(Ecofin Agency) - Highlighting the severity of the sustained decline in global oil prices on those countries that rely most on the industry for its revenue sources, Libya however, has proclaimed a $3.3 billion budget shortfall for the first seven months of the year. Forbes reports
Besides producers like Algeria and Venezuela, Libya has witnessed drops in revenue as a result of lower prices, but has also faced declines and unsteadiness when it comes to production. Since 2011, the country has grappled with an unsteady political and security situation that has made sustaining output especially difficult.
Not long ago, a car bomb discharged in front of the headquarters of NOC and Italy’s Eni, illuminating challenges for international firms currently operating in the country.

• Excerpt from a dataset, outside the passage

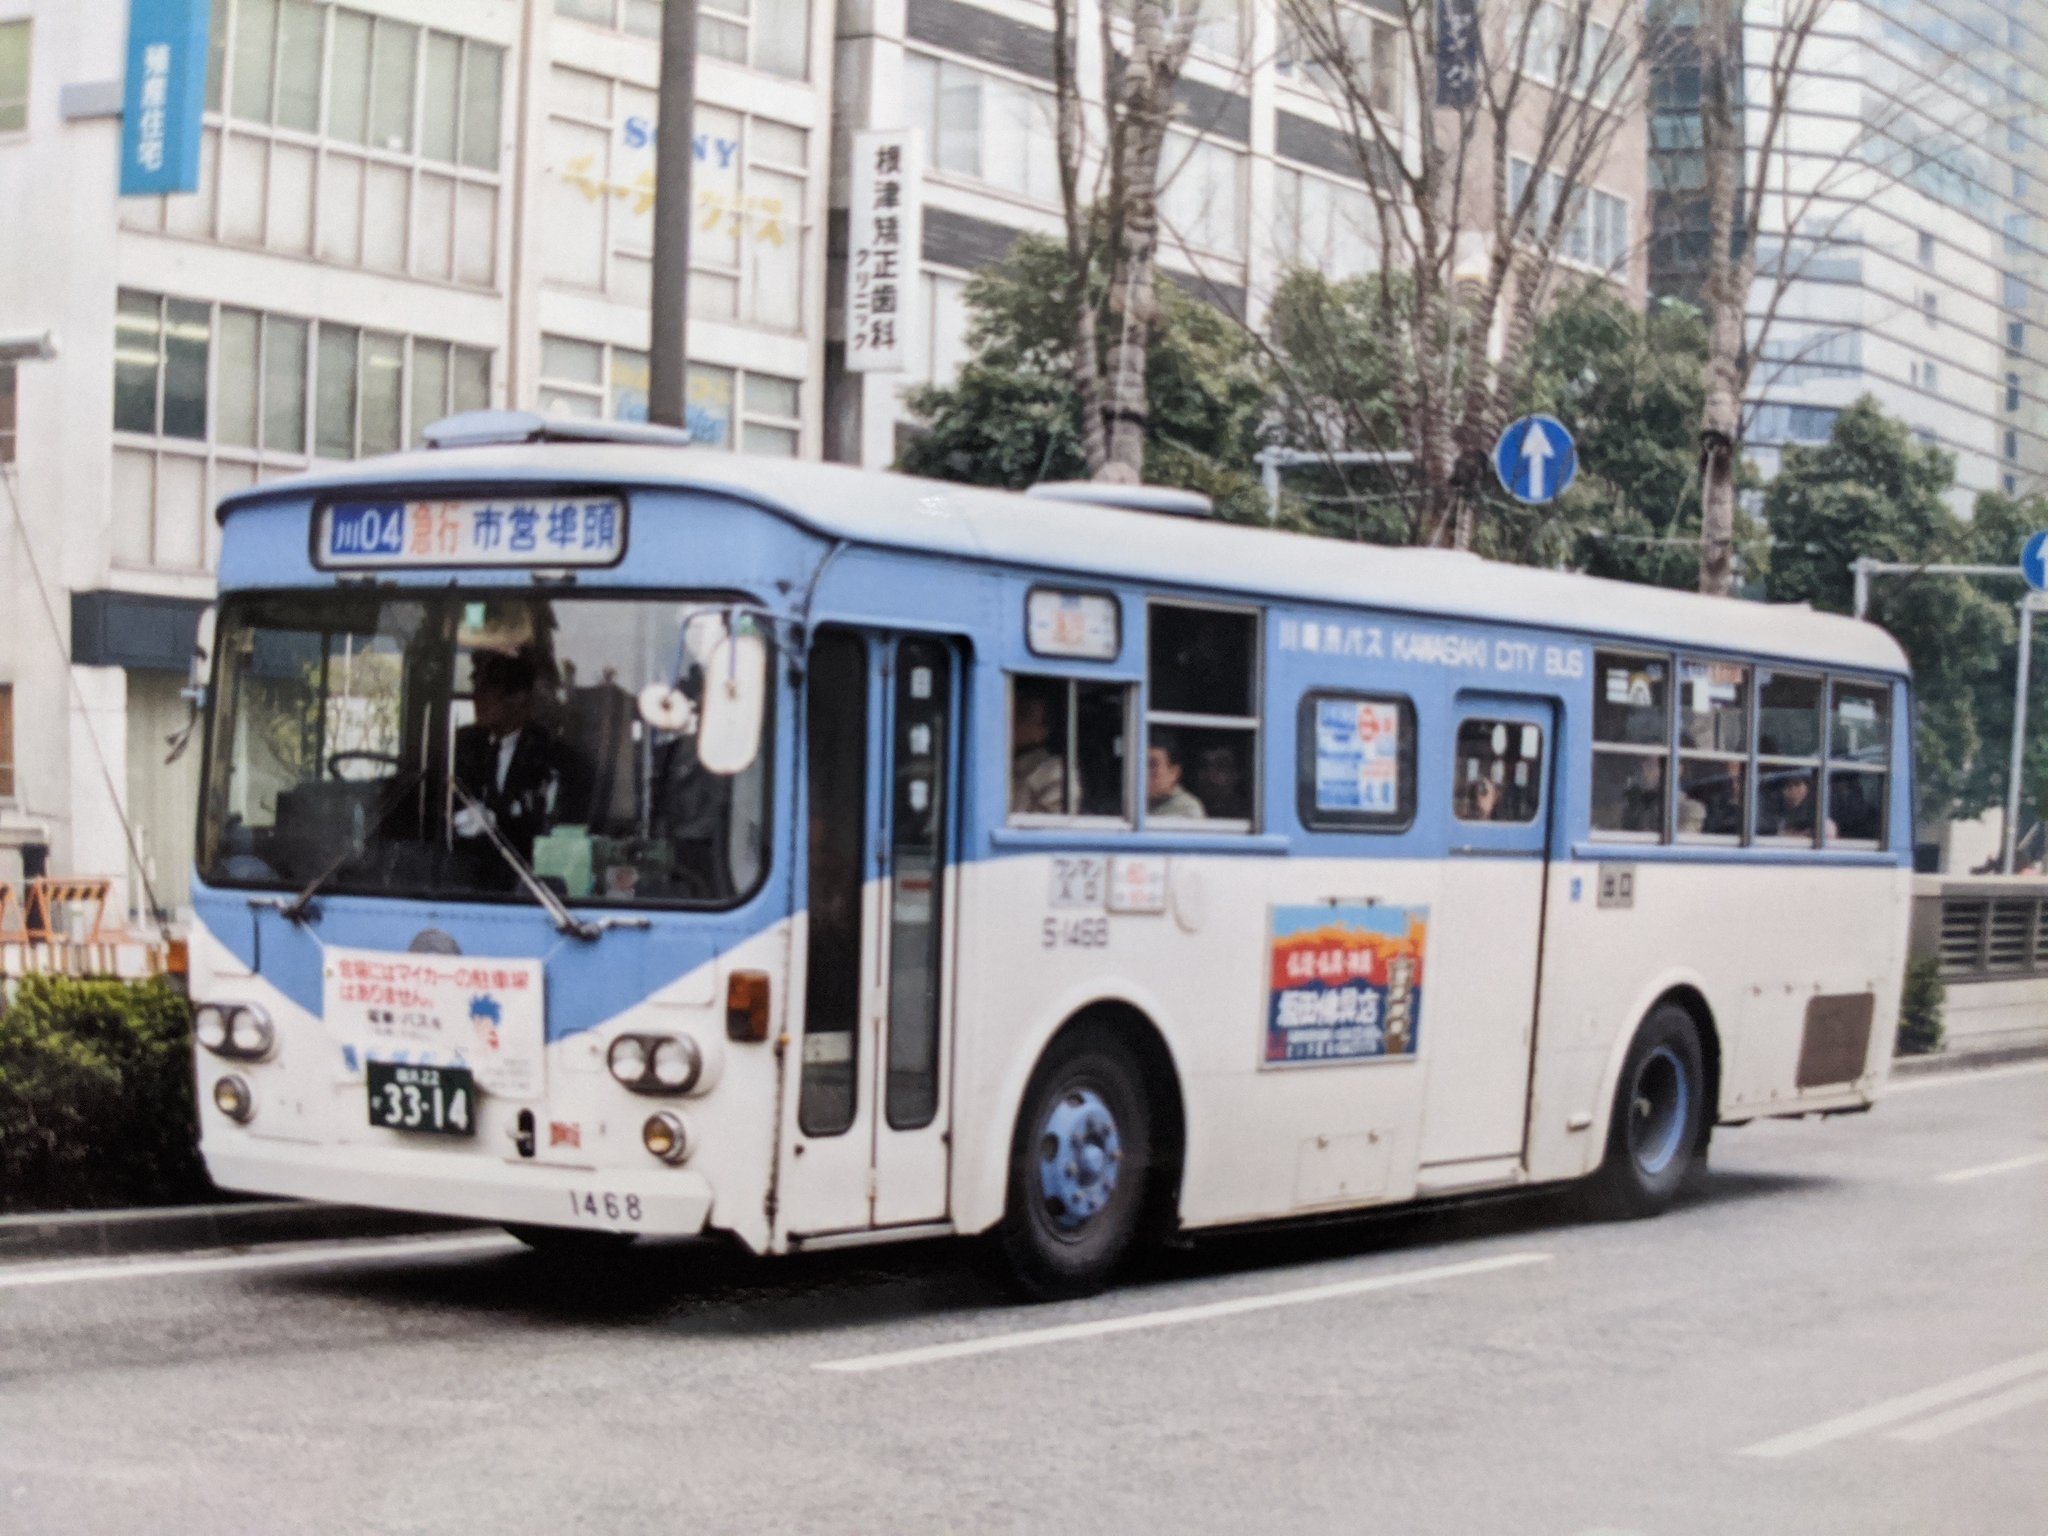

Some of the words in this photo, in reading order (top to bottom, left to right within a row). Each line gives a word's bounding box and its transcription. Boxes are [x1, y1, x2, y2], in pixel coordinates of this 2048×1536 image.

Libya is now producing less than 400,000 b/d, according to reports. Since the collapse of the long-standing government of Muammar Gadhafi, a deadly mix of security and financial issues have made the constant energy production sector difficult to maintain, threatening an economy that looks to oil revenue for much of its support, drawing down the country’s oil output to just a 15% capacity.
The report also affirmed that “Libya spent $11 billion from ‘foreign currency money’ in the first seven months’, adding that “in the same period a year ago $24.8 billion had been used up.” Also facing pressures from falling prices, neighboring Algeria declared this past week that it would reduce spending by up to 10 % as the drop puts pressure on revenue streams.